Segment Start: Data extract

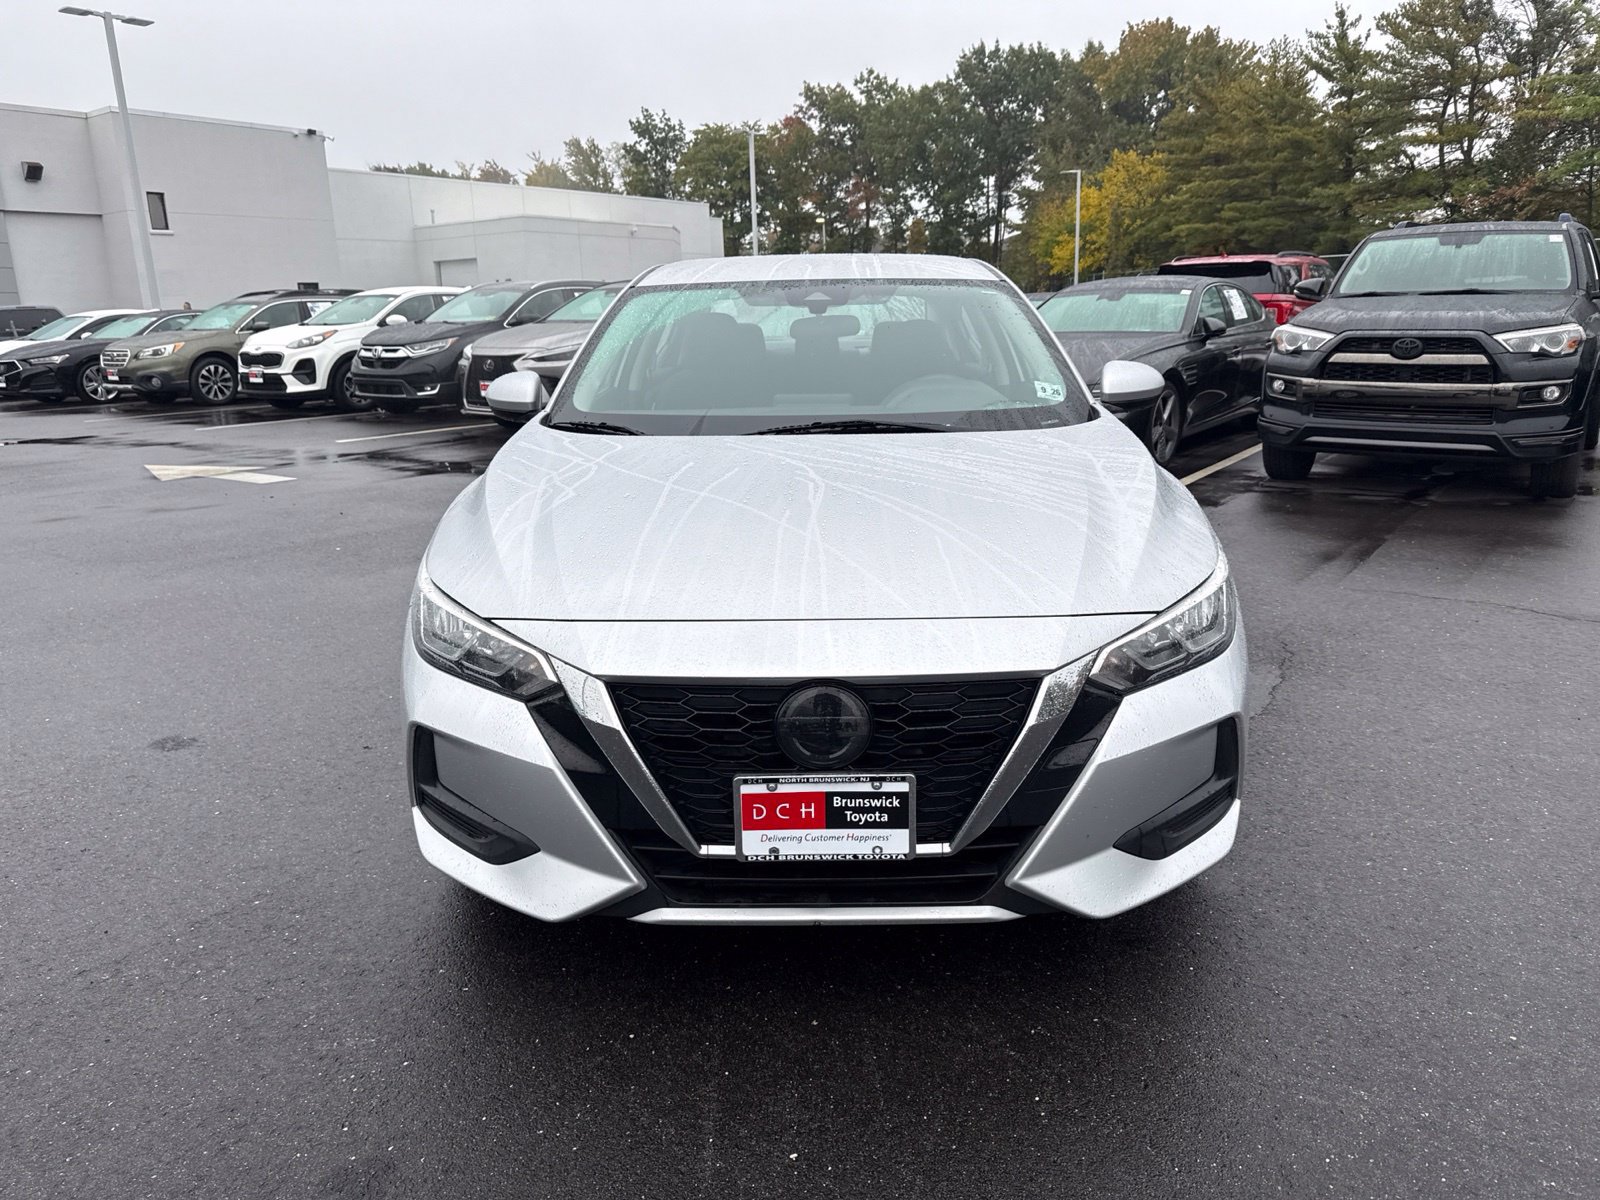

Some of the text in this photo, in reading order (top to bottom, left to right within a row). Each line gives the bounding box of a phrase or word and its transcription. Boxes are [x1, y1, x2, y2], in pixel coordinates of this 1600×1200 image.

[833, 796, 900, 807] Brunswick
[845, 810, 888, 825] Toyota
[760, 833, 803, 844] Delivering
[804, 833, 845, 842] Customer

Segment End: Data extract

Repeat the listing above exactly, with no pictures.

• Result:
Some of the text in this photo, in reading order (top to bottom, left to right within a row). Each line gives the bounding box of a phrase or word and its transcription. Boxes are [x1, y1, x2, y2], in pixel coordinates of this 1600×1200 image.

[833, 796, 900, 807] Brunswick
[845, 810, 888, 825] Toyota
[760, 833, 803, 844] Delivering
[804, 833, 845, 842] Customer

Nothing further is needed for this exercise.